Previously, Cllr Hall has failed selection as a parliamentary candidate for Harrow West and, later, as a Brent and Harrow GLA candidate.
Her short manifesto focuses more on attacking the sitting London mayor Sadiq Khan (not an easy name to digest) than outlining any credible plan how to build on the London potential and improve the diverse Londoners quality of life.
On the other hand, a candidate like the chair of the London Assembly Andrew Boff has highlighted his contributions in making London autism-friendly, tackling childhood obesity, and London’s north-south transport divide. Also, considering that London being the British financial hub could deploy better technology, veteran Andrew Boff is right to point out that “A high-tech friendly London makes for a more prosperous Britain’.
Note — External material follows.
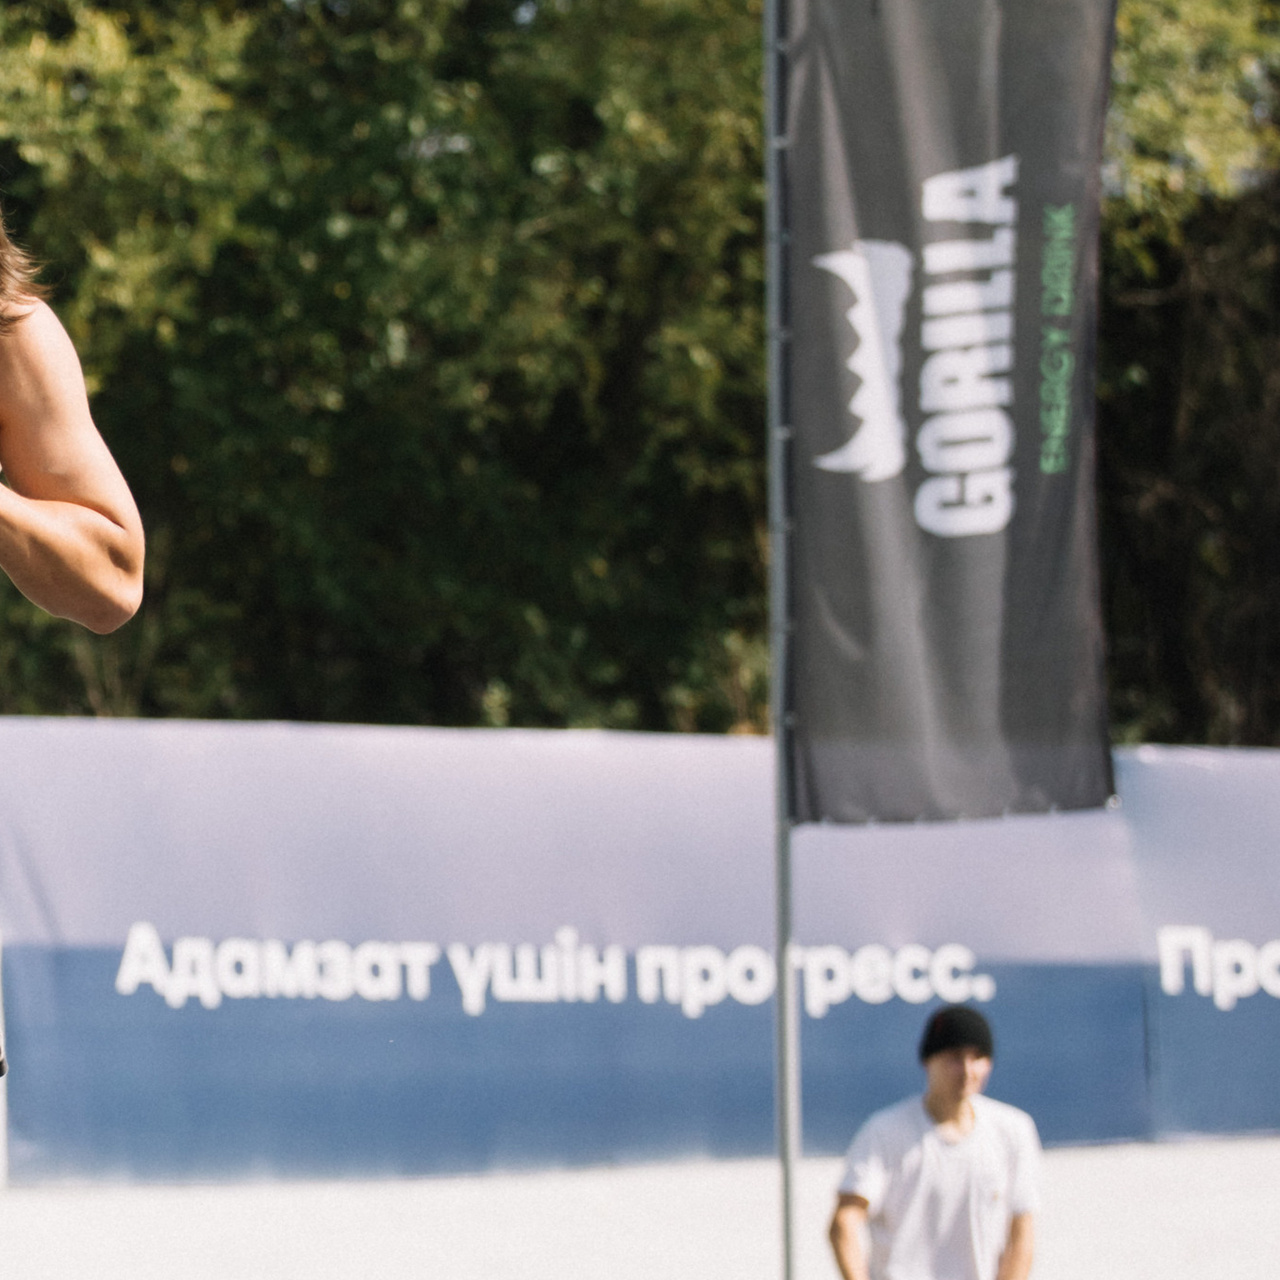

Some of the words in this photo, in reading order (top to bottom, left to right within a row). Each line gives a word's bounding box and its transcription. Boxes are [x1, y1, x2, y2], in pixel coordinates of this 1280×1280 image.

Cllr Hall has referred to her position and work at the Harrow council, which really have been matters of concern about her ability, professionalism and effectiveness.
Under Cllr Hall portfolio for environment, residents rejected the unwise change in the frequency of collecting the Brown and Waste Bins by the new Conservative administration in 2006, more so because the portfolio holder recklessly moved the timetable for change from September 2006 to July 2006 to ‘further increase the council’s recycling performance’ but the recycling rate stated was found misleading.
The waste bin collection arrangements became so unpopular that a Conservative seat in the Harrow Weald ward was badly lost in the August 2006 by-election that was held due to the death of the Tory councillor.
In June 2009 the MailOnline also reported that Town hall chiefs were accused of pedalling ‘spurious propaganda’ after claiming that wheelie bins boosted recycling rates.
Eventually and because of the accumulated backlash of the waste collection arrangements and heavy-handed implementation of the CPZ (controlled parking zone) by Cllr Hall, Tories lost the council in 2010.
Cllr Hall bad luck continued after she acquired the Conservative group leadership in 2010 as during her opposition leadership, Tories lost the councils in 2010 and 2014 – five sitting Tory councillors were defeated – two Tory councillors defected and 2 by-elections were lost in 2013.
Regarding the Cllr Hall mention ‘I became the Leader of the Council in Harrow’, she was not elected by the residents. Many say that her very short-lived administration (late 2013 to May 2014 when Tory group lost the council) was a fluke.
[In mid-2013, the breakaway Independent Labour Group, encouraged and supported by the Tory group, snatched the council administration from Labour because of what was described as the personal grudge within the Labour group.
Few months later, Cllr Hall grabbed the council administration with the support of the well-groomed Independent Labour Group who voted in the Tory group through a highly controversial process which created the political mess in Harrow (i.e. a hung council where both the Labour and Tory groups had 25 councillors each, and Tory minority administration was put in place because of the 8 ILG councillors)]
The LGC* reported on 21 January 2014, after deleting the chief executive post, she told her council that she is confident her experience of running a hairdressing business will enable her to manage without a chief executive.
Such was the quality of her administration and financial management that the Harrow council’s budget meeting on 27 February 2014 initially rejected her budget being a very irresponsible budget because it had no measurable commitment for a smooth financial transition to the next year when the council had to have £25m savings.
Further in 2014, there were serious concerns about Cllr Hall’s conflict of interest because of her intrinsic opposition to the Harrow’s regeneration plans for Wealdstone where Cllr Hall has the shop.
The regeneration could have some unfavourable parking implications for the locality.
Many would question whether running a city such as London is compatible with running a local  small business?